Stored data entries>
··········
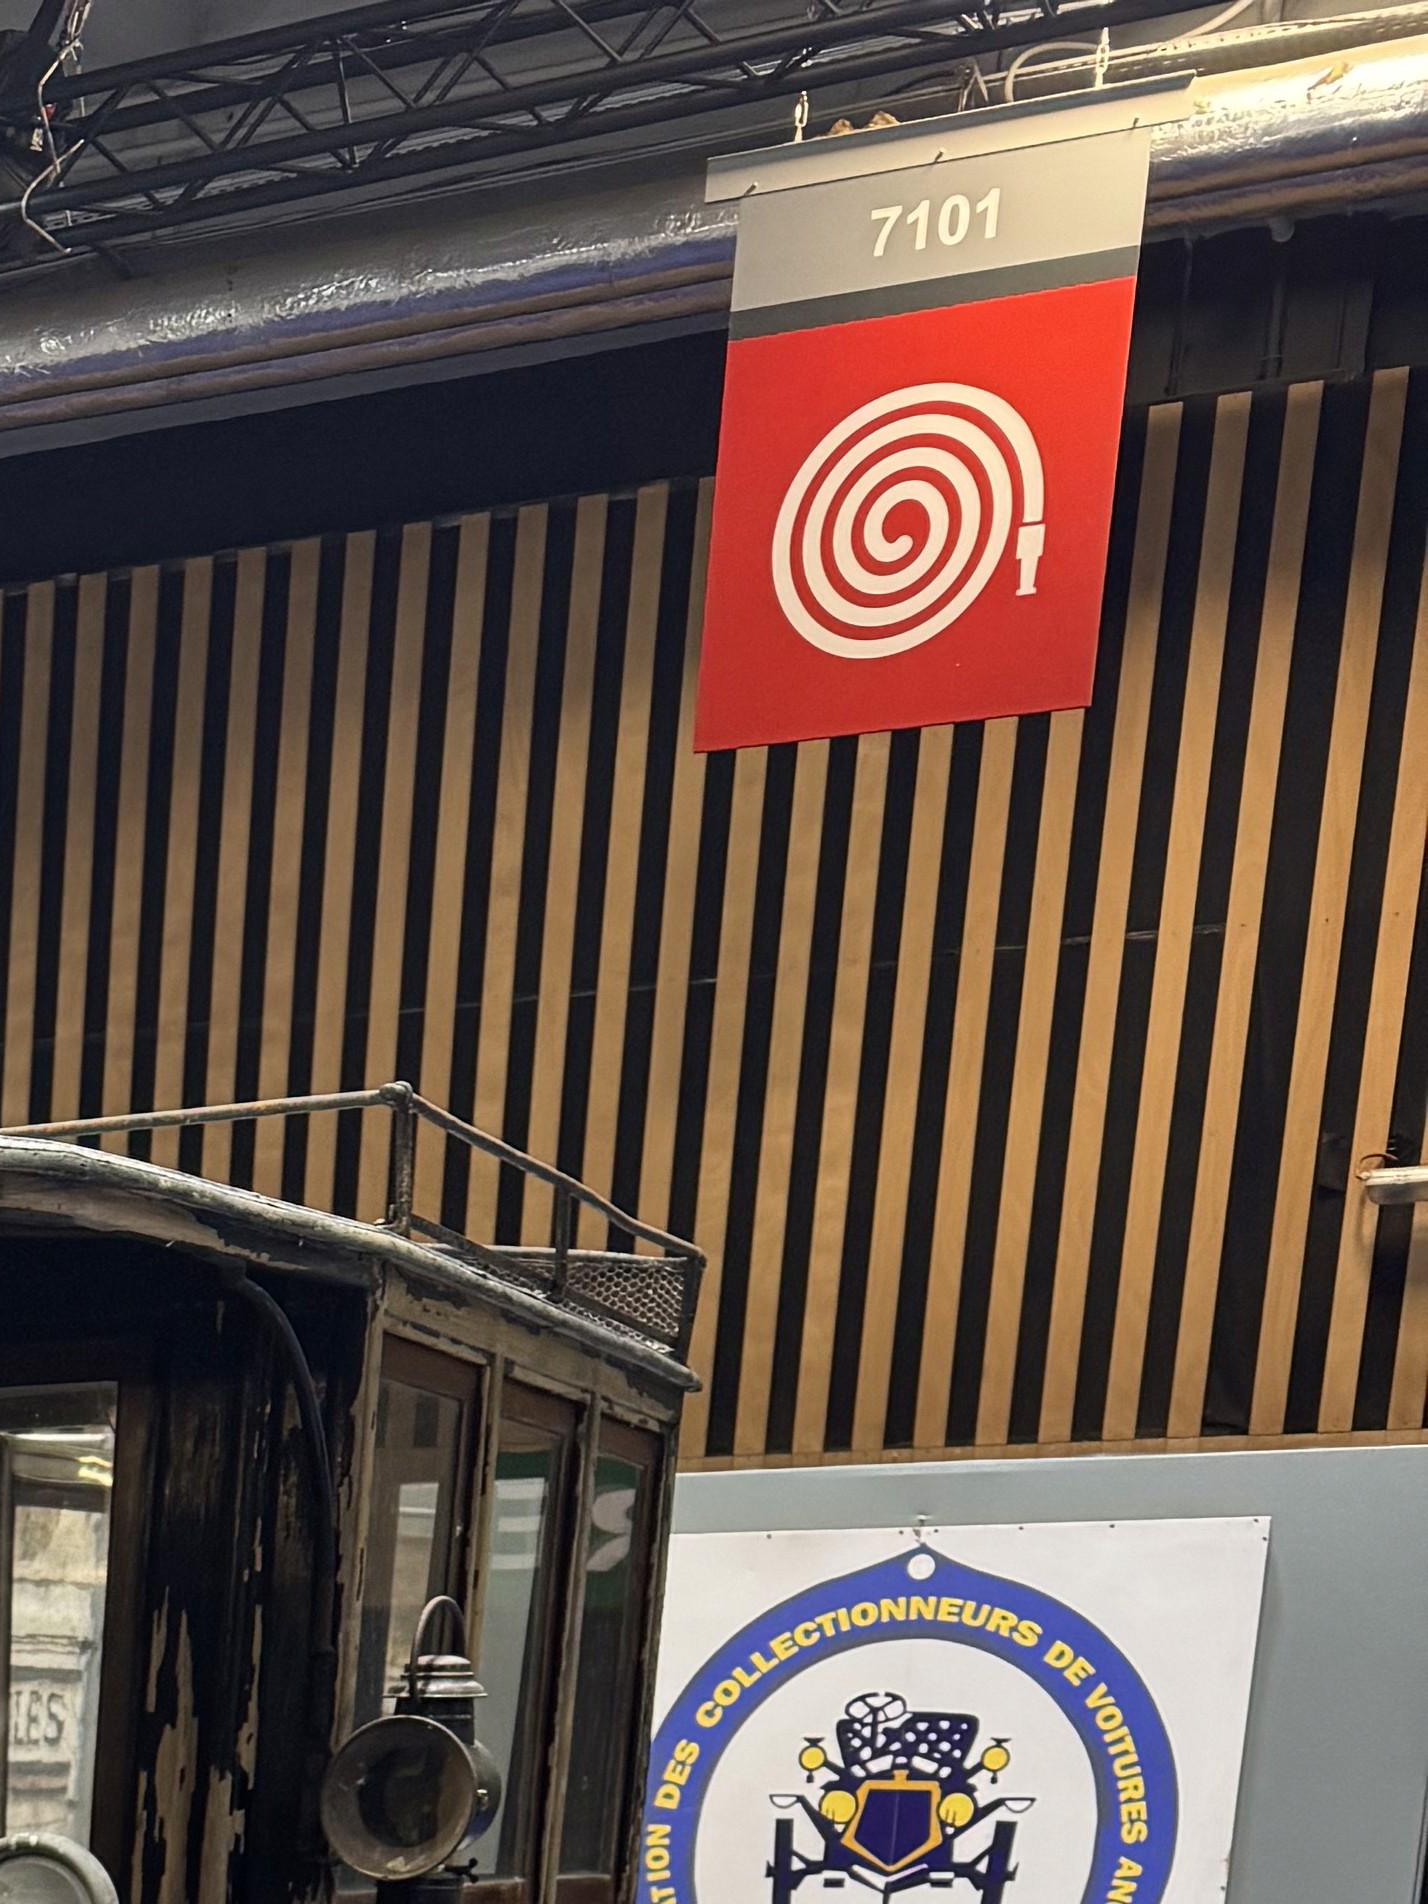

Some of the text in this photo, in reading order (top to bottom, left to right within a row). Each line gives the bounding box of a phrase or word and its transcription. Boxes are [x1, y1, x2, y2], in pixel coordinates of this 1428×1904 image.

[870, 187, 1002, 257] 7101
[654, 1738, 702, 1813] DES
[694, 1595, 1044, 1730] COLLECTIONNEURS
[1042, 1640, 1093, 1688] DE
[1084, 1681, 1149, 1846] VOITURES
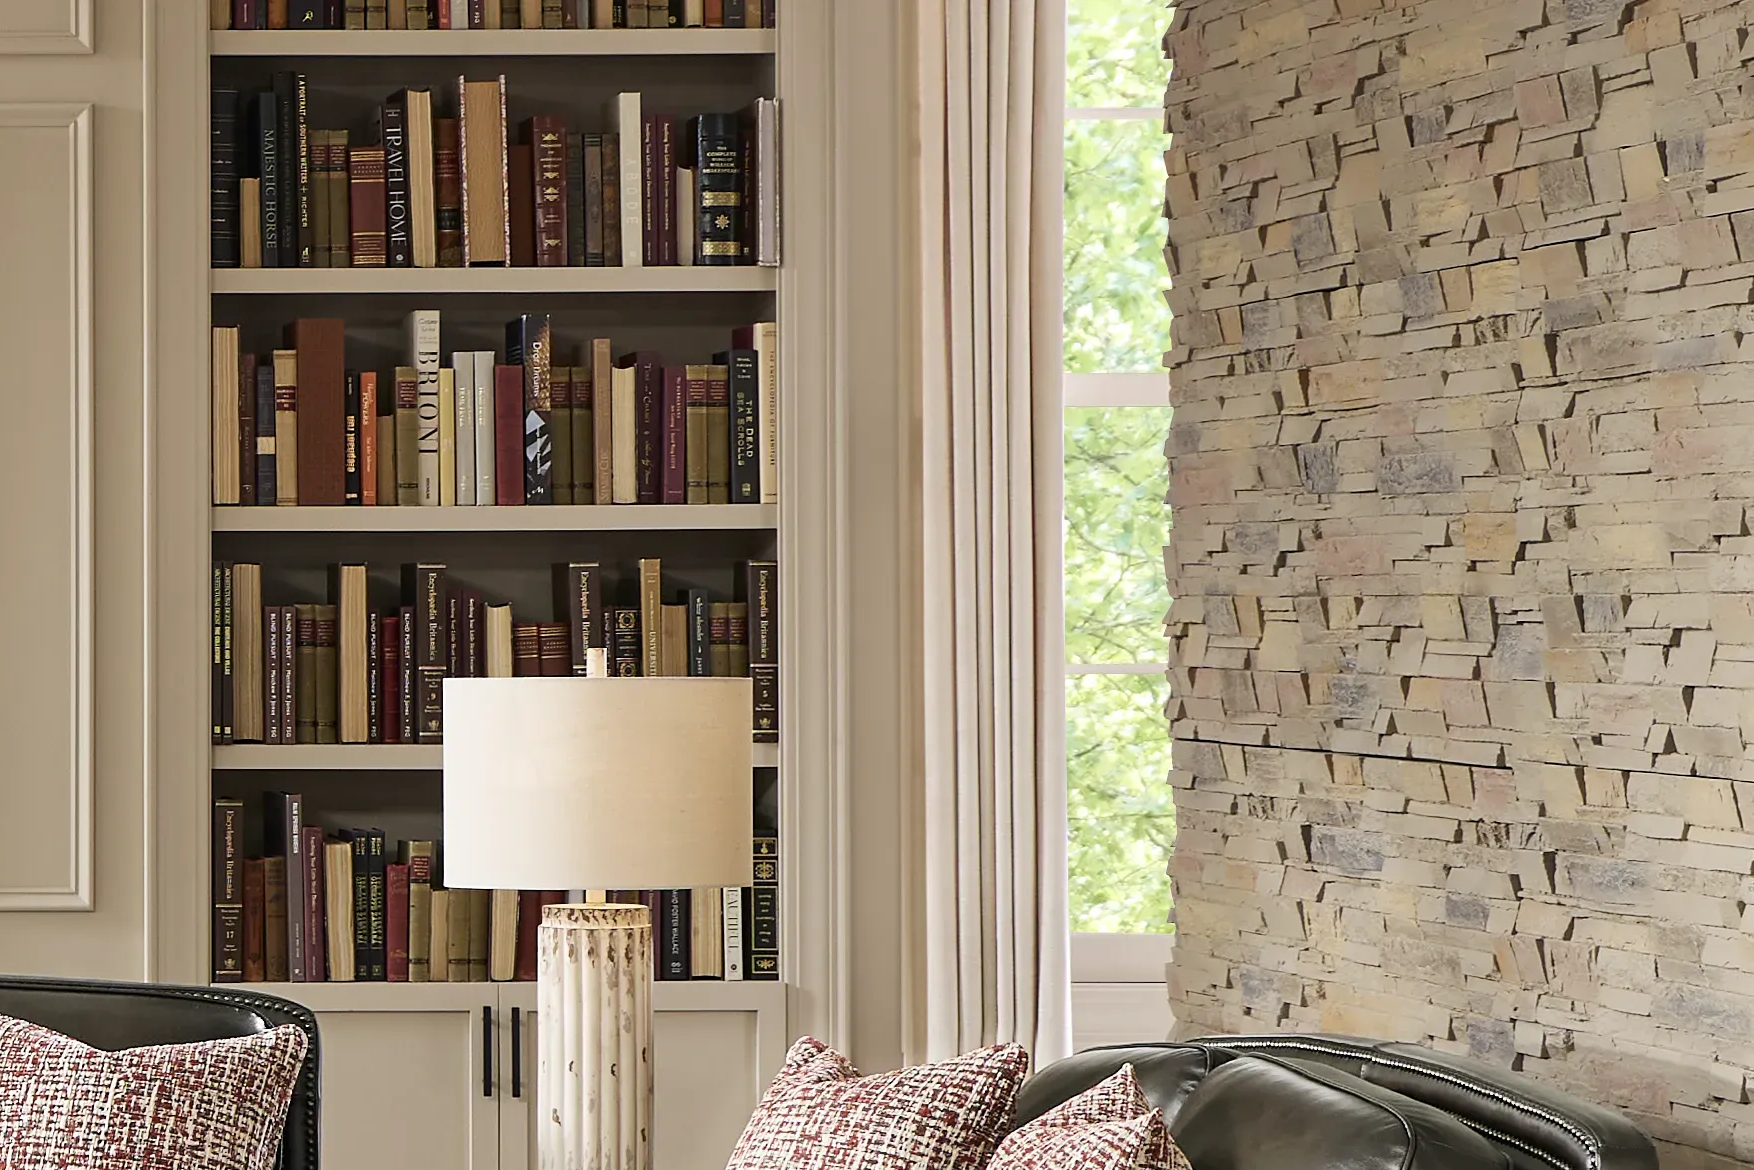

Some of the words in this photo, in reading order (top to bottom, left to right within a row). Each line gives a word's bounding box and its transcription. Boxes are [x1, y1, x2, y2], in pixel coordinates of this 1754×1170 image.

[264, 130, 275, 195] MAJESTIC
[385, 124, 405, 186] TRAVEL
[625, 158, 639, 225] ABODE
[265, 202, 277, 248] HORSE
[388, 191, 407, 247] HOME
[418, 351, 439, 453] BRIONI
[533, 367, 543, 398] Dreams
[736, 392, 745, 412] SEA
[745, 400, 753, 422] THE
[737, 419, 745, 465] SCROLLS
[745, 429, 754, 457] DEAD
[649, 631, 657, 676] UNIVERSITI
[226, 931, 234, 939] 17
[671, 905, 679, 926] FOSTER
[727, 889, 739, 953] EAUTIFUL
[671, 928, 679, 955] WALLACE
··········
Directions> Transcribe all entries above exactly. Omit the pictures.

Result>
Some of the text in this photo, in reading order (top to bottom, left to right within a row). Each line gives the bounding box of a phrase or word and its transcription. Boxes are [x1, y1, x2, y2], in pixel coordinates of this 1428×1904 image.

[870, 187, 1002, 257] 7101
[654, 1738, 702, 1813] DES
[694, 1595, 1044, 1730] COLLECTIONNEURS
[1042, 1640, 1093, 1688] DE
[1084, 1681, 1149, 1846] VOITURES

Some of the words in this photo, in reading order (top to bottom, left to right within a row). Each line gives a word's bounding box and its transcription. Boxes are [x1, y1, x2, y2], in pixel coordinates of this 1754×1170 image.

[264, 130, 275, 195] MAJESTIC
[385, 124, 405, 186] TRAVEL
[625, 158, 639, 225] ABODE
[265, 202, 277, 248] HORSE
[388, 191, 407, 247] HOME
[418, 351, 439, 453] BRIONI
[533, 367, 543, 398] Dreams
[736, 392, 745, 412] SEA
[745, 400, 753, 422] THE
[737, 419, 745, 465] SCROLLS
[745, 429, 754, 457] DEAD
[649, 631, 657, 676] UNIVERSITI
[226, 931, 234, 939] 17
[671, 905, 679, 926] FOSTER
[727, 889, 739, 953] EAUTIFUL
[671, 928, 679, 955] WALLACE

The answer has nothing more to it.